+++ SOURCE DATA +++

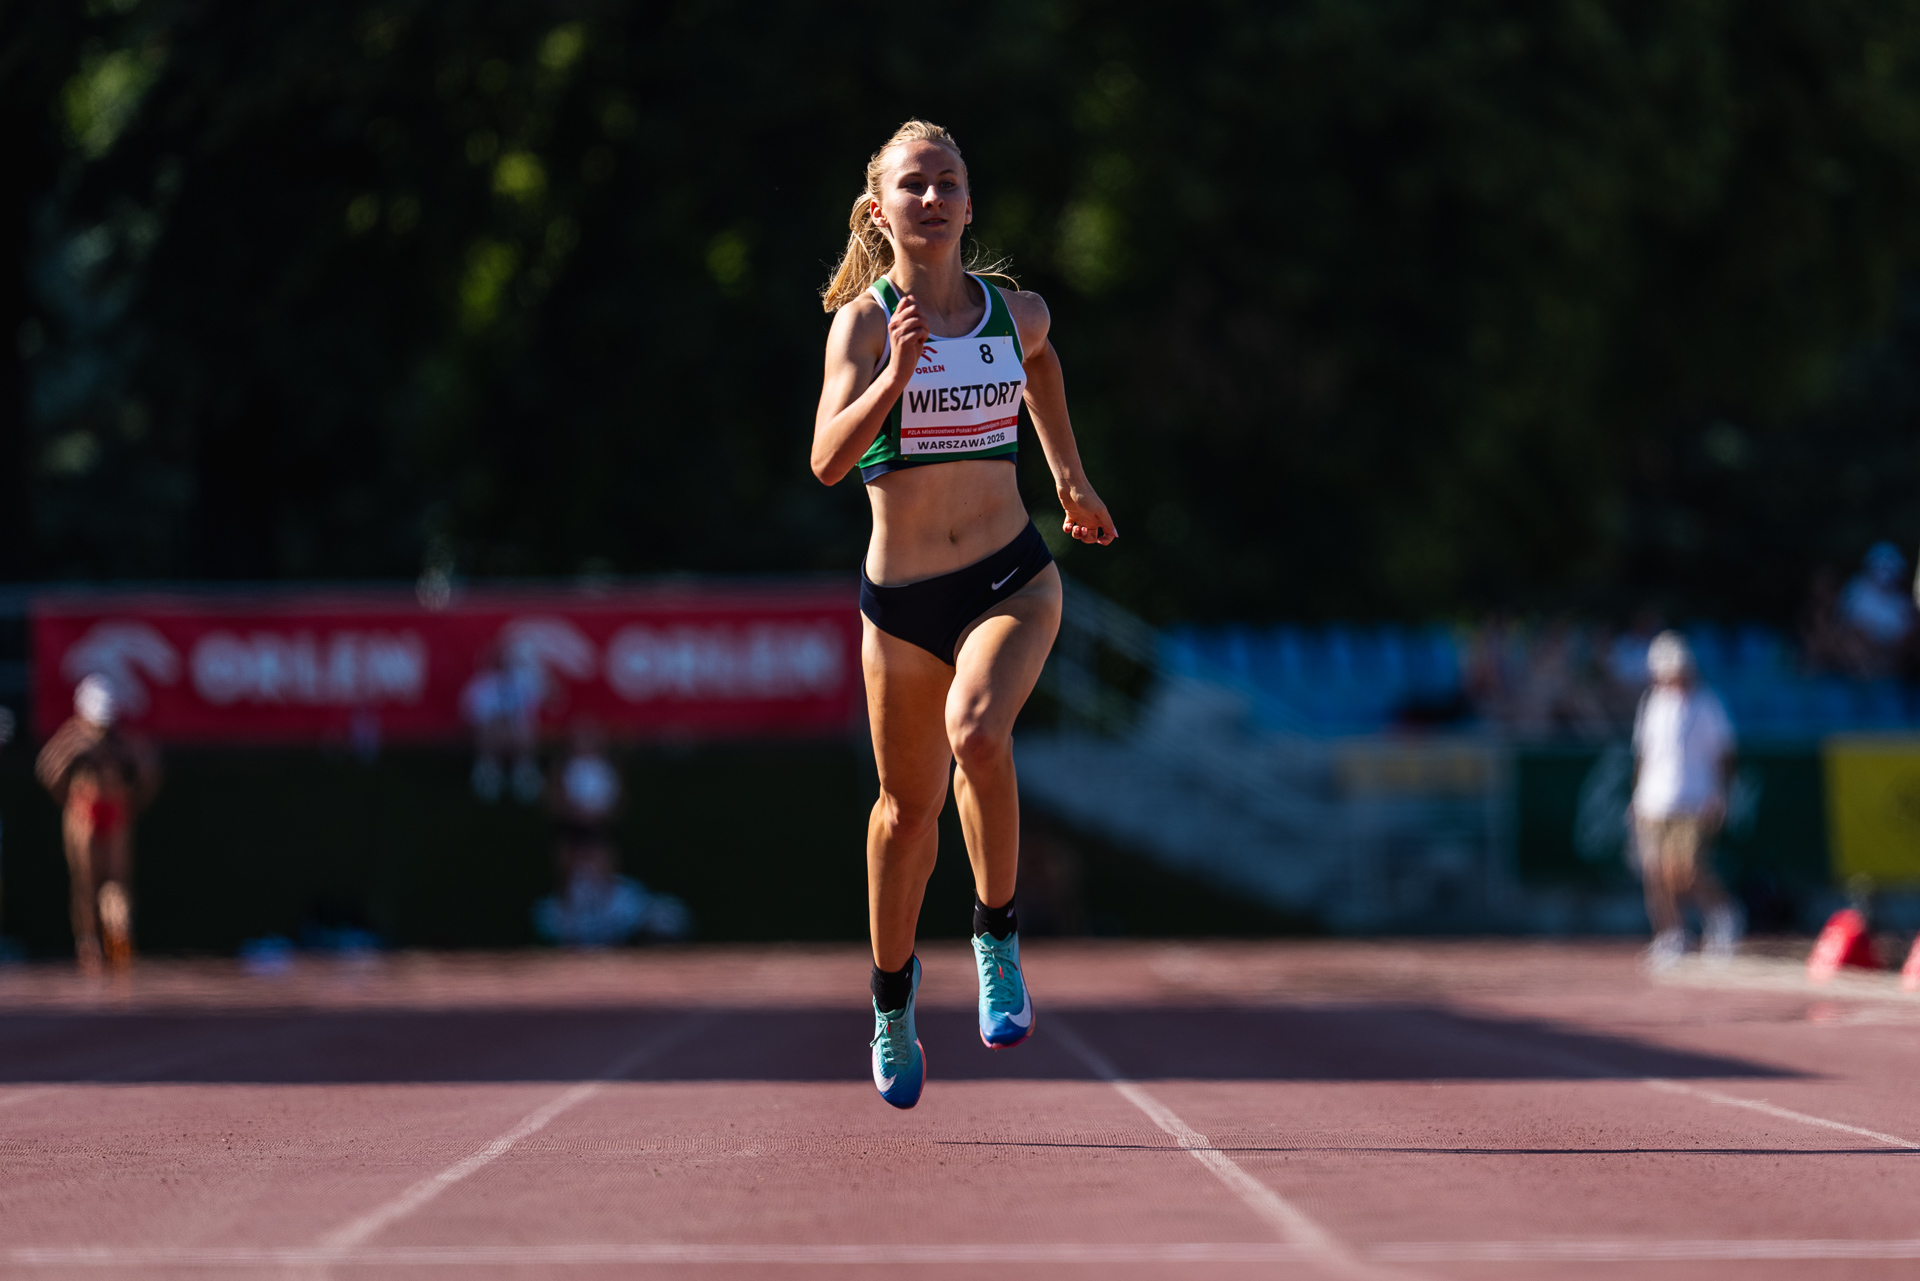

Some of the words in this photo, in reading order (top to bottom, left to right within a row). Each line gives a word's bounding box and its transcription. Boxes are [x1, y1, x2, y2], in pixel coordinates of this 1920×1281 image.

[979, 344, 994, 364] 8
[915, 364, 945, 375] ORLEN
[908, 380, 1021, 413] WIESZTORT
[917, 438, 986, 450] WARSZAWA
[986, 432, 1005, 444] 2026
[193, 628, 427, 704] ORLEN
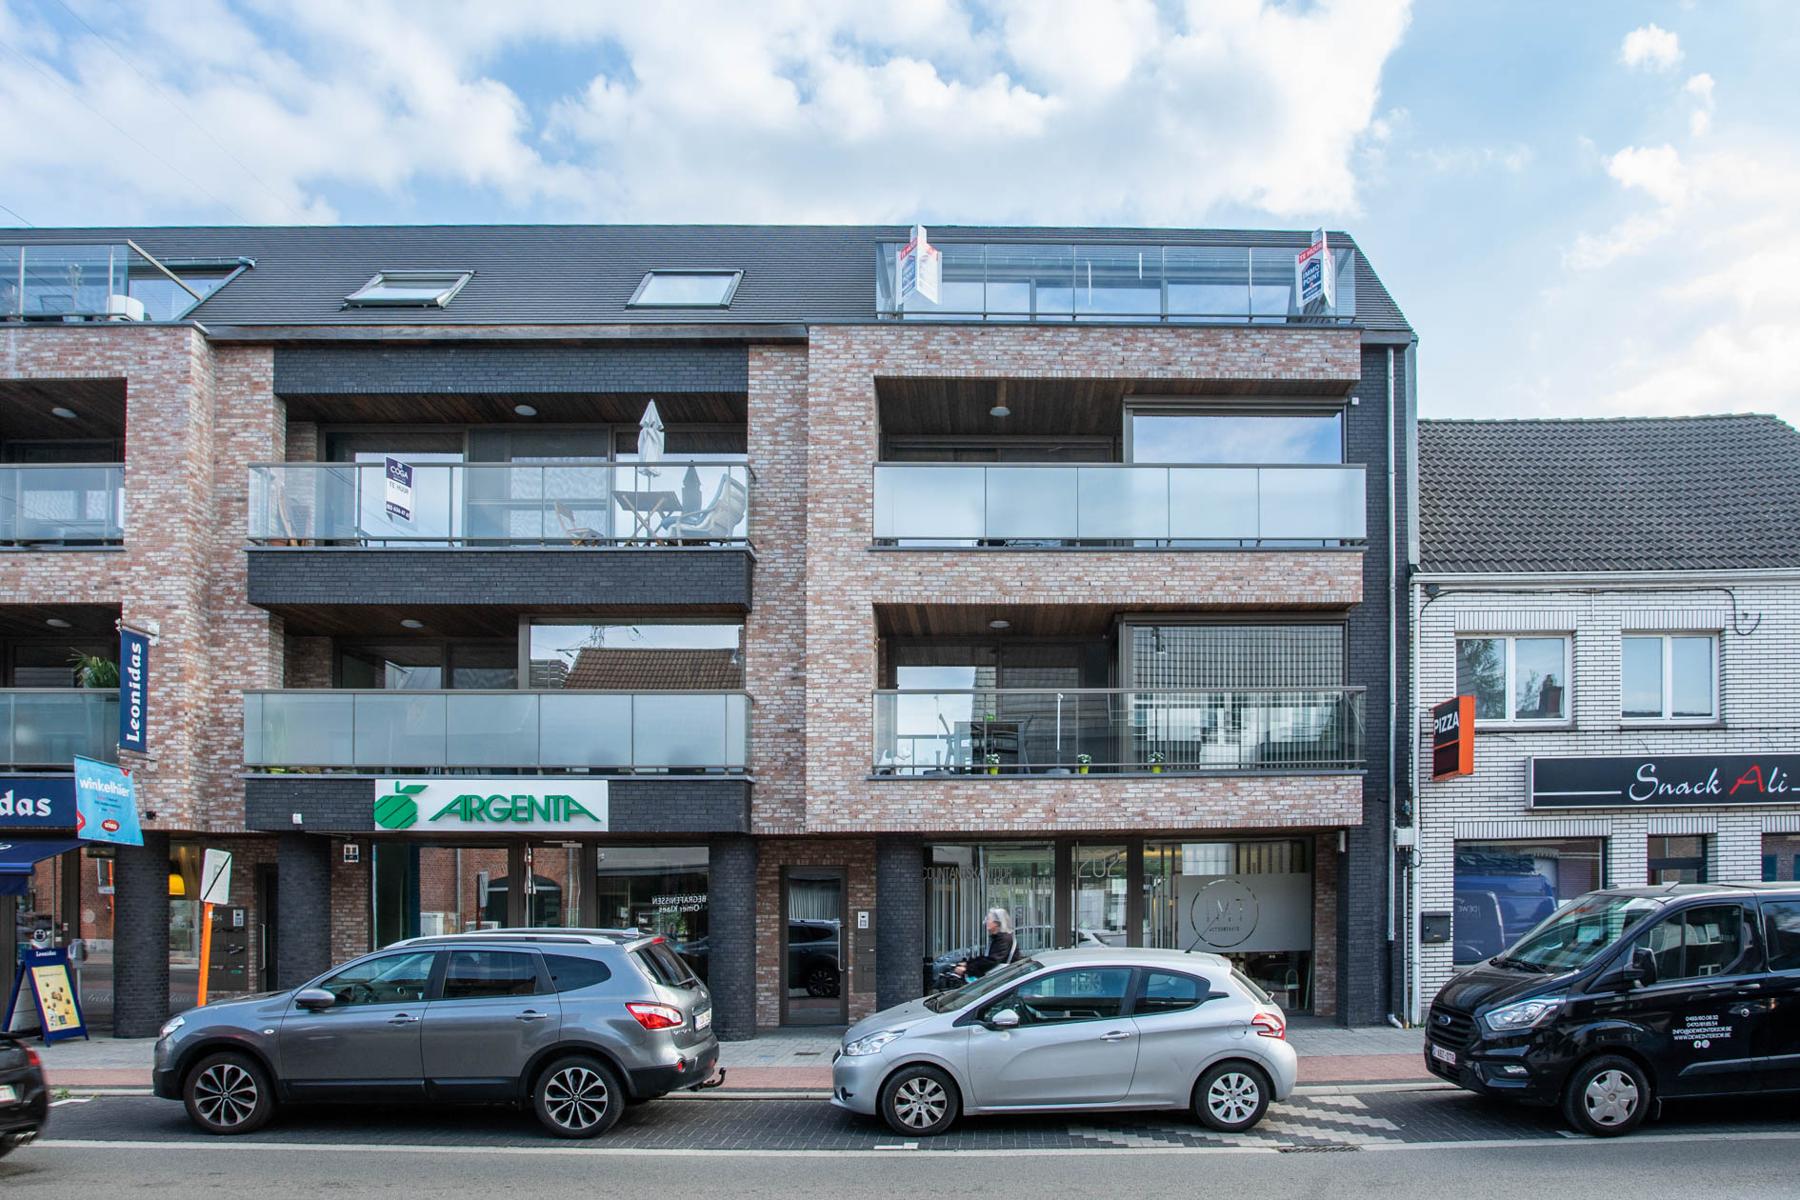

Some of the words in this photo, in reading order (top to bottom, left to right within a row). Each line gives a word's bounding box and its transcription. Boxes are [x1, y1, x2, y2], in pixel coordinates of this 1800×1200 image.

[1303, 264, 1320, 279] IMMO
[1303, 270, 1320, 287] POINT
[390, 465, 409, 479] COGA
[126, 642, 142, 743] Leonidas
[1433, 711, 1460, 735] PIZZA
[80, 777, 130, 797] winkelhier
[1628, 763, 1722, 801] Snack
[1729, 764, 1788, 795] Ali
[0, 790, 52, 817] das
[428, 794, 602, 822] ARGENTA
[1079, 849, 1120, 878] 202

+++

WORK ORDER:
Only the pictures are dropped. Otherwise, write out the listing exactly.

REPLY:
Some of the words in this photo, in reading order (top to bottom, left to right within a row). Each line gives a word's bounding box and its transcription. Boxes are [x1, y1, x2, y2], in pixel coordinates of this 1920×1281 image.

[979, 344, 994, 364] 8
[915, 364, 945, 375] ORLEN
[908, 380, 1021, 413] WIESZTORT
[917, 438, 986, 450] WARSZAWA
[986, 432, 1005, 444] 2026
[193, 628, 427, 704] ORLEN

Some of the words in this photo, in reading order (top to bottom, left to right within a row). Each line gives a word's bounding box and its transcription. Boxes are [x1, y1, x2, y2], in pixel coordinates of this 1800×1200 image.

[1303, 264, 1320, 279] IMMO
[1303, 270, 1320, 287] POINT
[390, 465, 409, 479] COGA
[126, 642, 142, 743] Leonidas
[1433, 711, 1460, 735] PIZZA
[80, 777, 130, 797] winkelhier
[1628, 763, 1722, 801] Snack
[1729, 764, 1788, 795] Ali
[0, 790, 52, 817] das
[428, 794, 602, 822] ARGENTA
[1079, 849, 1120, 878] 202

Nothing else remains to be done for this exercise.